■ WORK REQUEST ■
The records below need to be set down again exactly; their images stay out.
::::
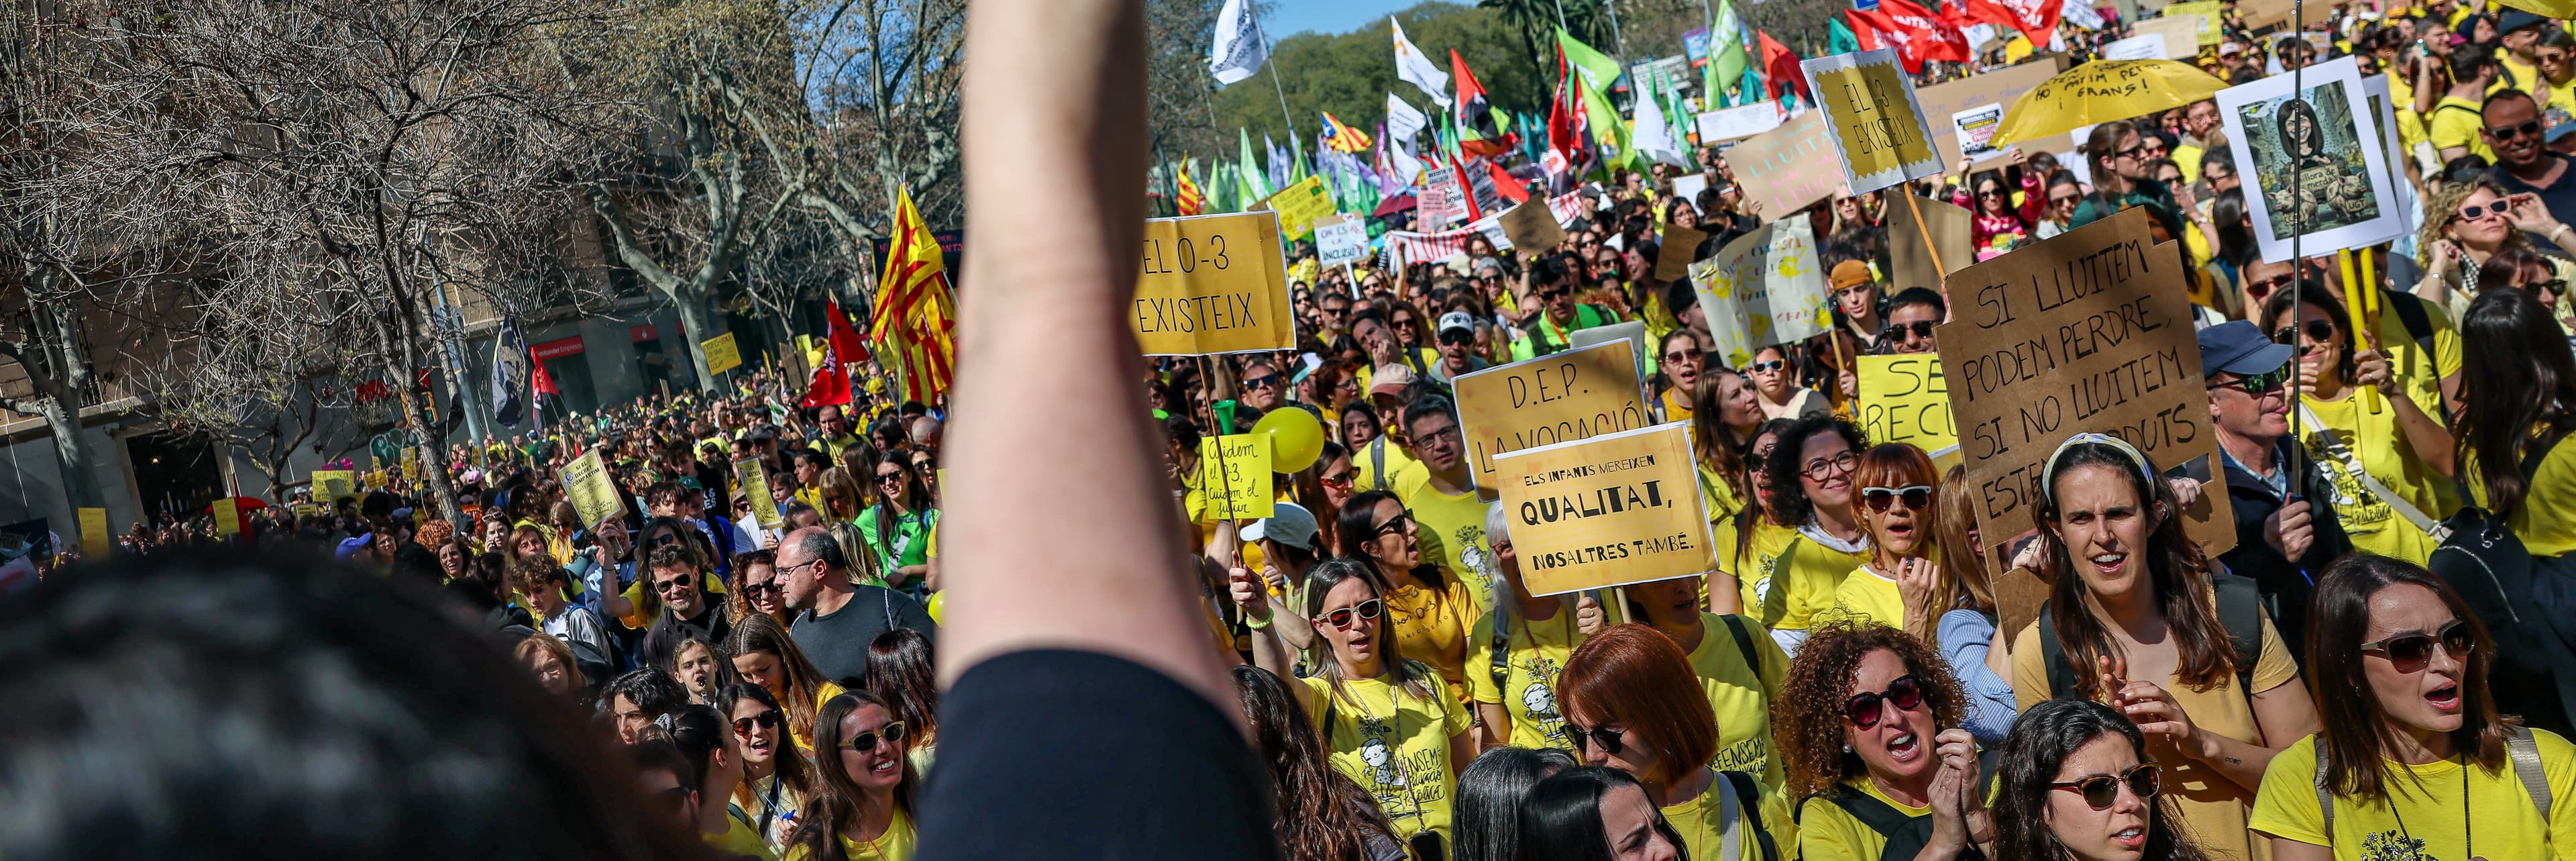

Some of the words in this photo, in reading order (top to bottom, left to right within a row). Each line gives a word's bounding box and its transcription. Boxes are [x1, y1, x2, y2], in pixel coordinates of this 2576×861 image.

[1844, 83, 1871, 113] EL
[2297, 171, 2324, 185] illora
[2326, 167, 2335, 176] de
[1142, 239, 1173, 274] EL
[1976, 283, 2016, 329] SI
[2032, 239, 2149, 312] LLUITEM
[1136, 292, 1256, 333] EXISTEIX
[1962, 334, 2056, 402] PODEM
[2059, 295, 2172, 364] PERDRE,
[1508, 363, 1588, 409] D.E.P.
[1974, 416, 2009, 460] SI
[2020, 395, 2061, 444] NO
[2070, 345, 2186, 421] LLUITEM
[1477, 437, 1507, 473] LA
[1516, 401, 1642, 449] VOCACIÓ
[572, 467, 600, 487] COMPARTIM
[1247, 477, 1259, 498] el
[1524, 474, 1546, 487] ELS
[1549, 465, 1596, 483] INFANTS
[1599, 454, 1656, 474] MEREIXEN
[1520, 480, 1672, 526] QUALITAT,
[1532, 542, 1629, 570] NOSALTRES
[1633, 532, 1695, 556] TAMBÉ.
::::
■ SOLUTION TO THIS TASK ■
Some of the words in this photo, in reading order (top to bottom, left to right within a row). Each line gives a word's bounding box and its transcription. Boxes are [x1, y1, x2, y2], in pixel coordinates of this 2576×861 image.

[1844, 83, 1871, 113] EL
[2297, 171, 2324, 185] illora
[2326, 167, 2335, 176] de
[1142, 239, 1173, 274] EL
[1976, 283, 2016, 329] SI
[2032, 239, 2149, 312] LLUITEM
[1136, 292, 1256, 333] EXISTEIX
[1962, 334, 2056, 402] PODEM
[2059, 295, 2172, 364] PERDRE,
[1508, 363, 1588, 409] D.E.P.
[1974, 416, 2009, 460] SI
[2020, 395, 2061, 444] NO
[2070, 345, 2186, 421] LLUITEM
[1477, 437, 1507, 473] LA
[1516, 401, 1642, 449] VOCACIÓ
[572, 467, 600, 487] COMPARTIM
[1247, 477, 1259, 498] el
[1524, 474, 1546, 487] ELS
[1549, 465, 1596, 483] INFANTS
[1599, 454, 1656, 474] MEREIXEN
[1520, 480, 1672, 526] QUALITAT,
[1532, 542, 1629, 570] NOSALTRES
[1633, 532, 1695, 556] TAMBÉ.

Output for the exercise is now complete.